Introduction The external genitalia are routinely included in the ‘CT-Traumagram’ at the Role 3 hospital in Afghanistan. Although the radiologist may have the opportunity to diagnose clinically undetected genital injury, little emphasis has been placed on the CT appearances of the external genitalia after Improvised Explosive Device related injury.
Methods A prospective observational study was carried out on casualties admitted during 1 month in 2011. Genital findings on CT were correlated with clinical operative findings.
Results One hundred and twenty-eight casualties were admitted of which 12 (9%) had genital injury. 17 testes were exposed to blast injury—5/17 (29%) were unharmed, one was dislocated, two were lost, one had a testicular haematoma and 8/17 (47%) were disrupted and underwent salvage. The CT findings—loss of the definition of the tunica albuginea and intra-testicular contrast blushing correlated with testicular disruption in all cases. The single dislocated testis and the two cases where there were no testes remaining after injury were all evident on CT.

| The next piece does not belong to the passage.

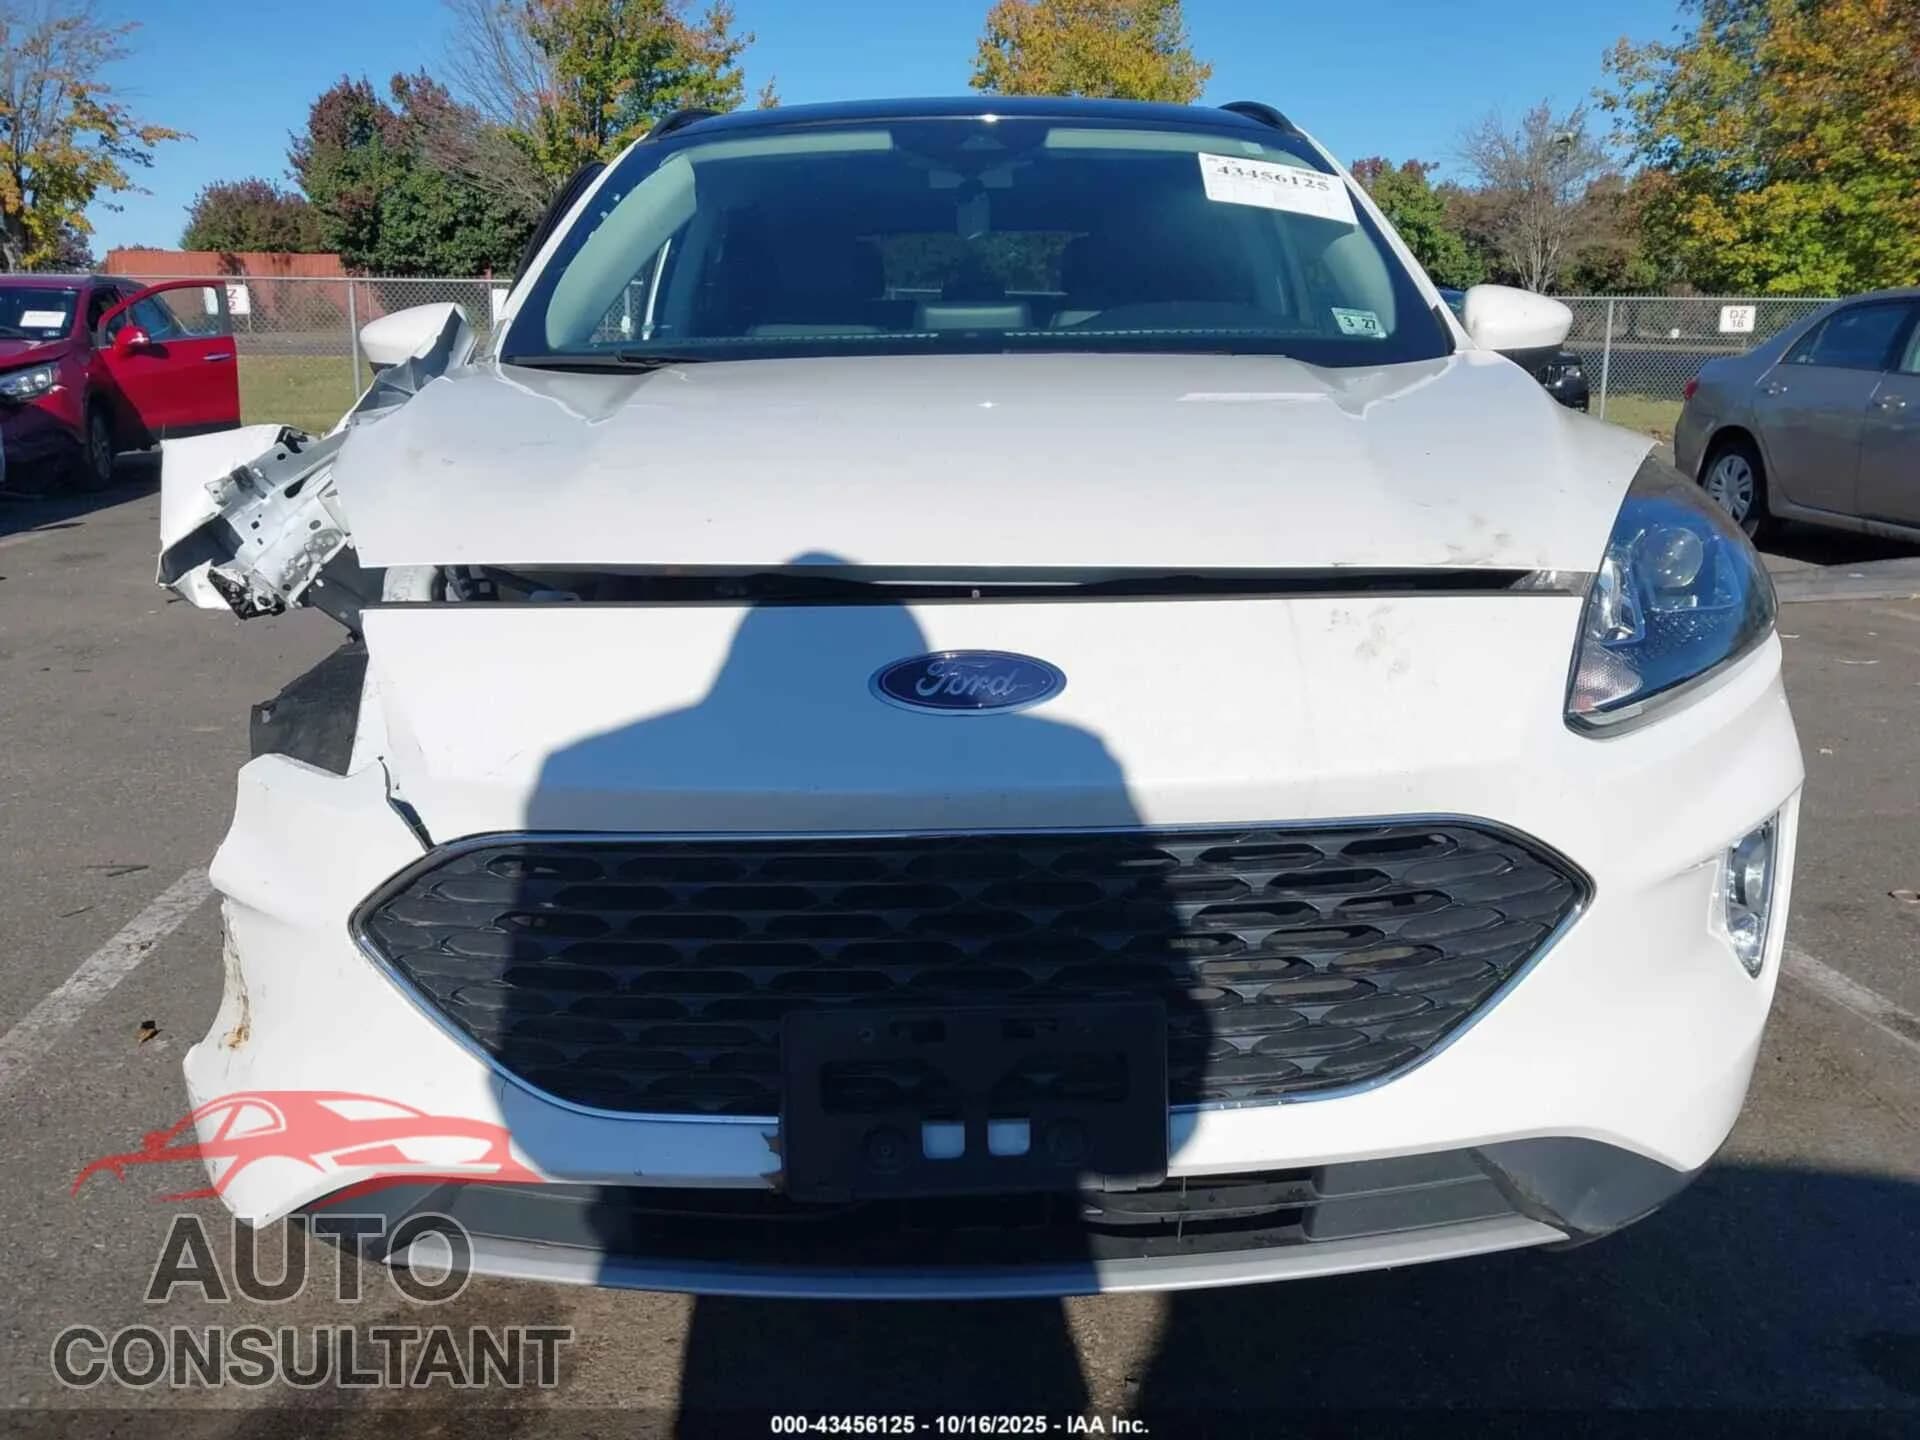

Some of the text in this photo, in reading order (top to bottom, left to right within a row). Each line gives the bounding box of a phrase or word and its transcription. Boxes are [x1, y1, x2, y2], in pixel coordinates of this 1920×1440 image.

Discussion The CT appearance of the external genitalia following trauma are unfamiliar. However, despite the small numbers and clear limitations, the results suggest that CT has an important role to play in the diagnosis of significant genital trauma. Ultrasound assessment should be considered if there is persisting uncertainty.
Conclusions ‘CT-Traumagram’ provides rapid, whole body information in casualties exposed to blast injury and this should be exploited in its entirety by the trauma team. Abnormal genital findings on contrast CT should alert radiologists and surgeons to the possibility of significant genital trauma.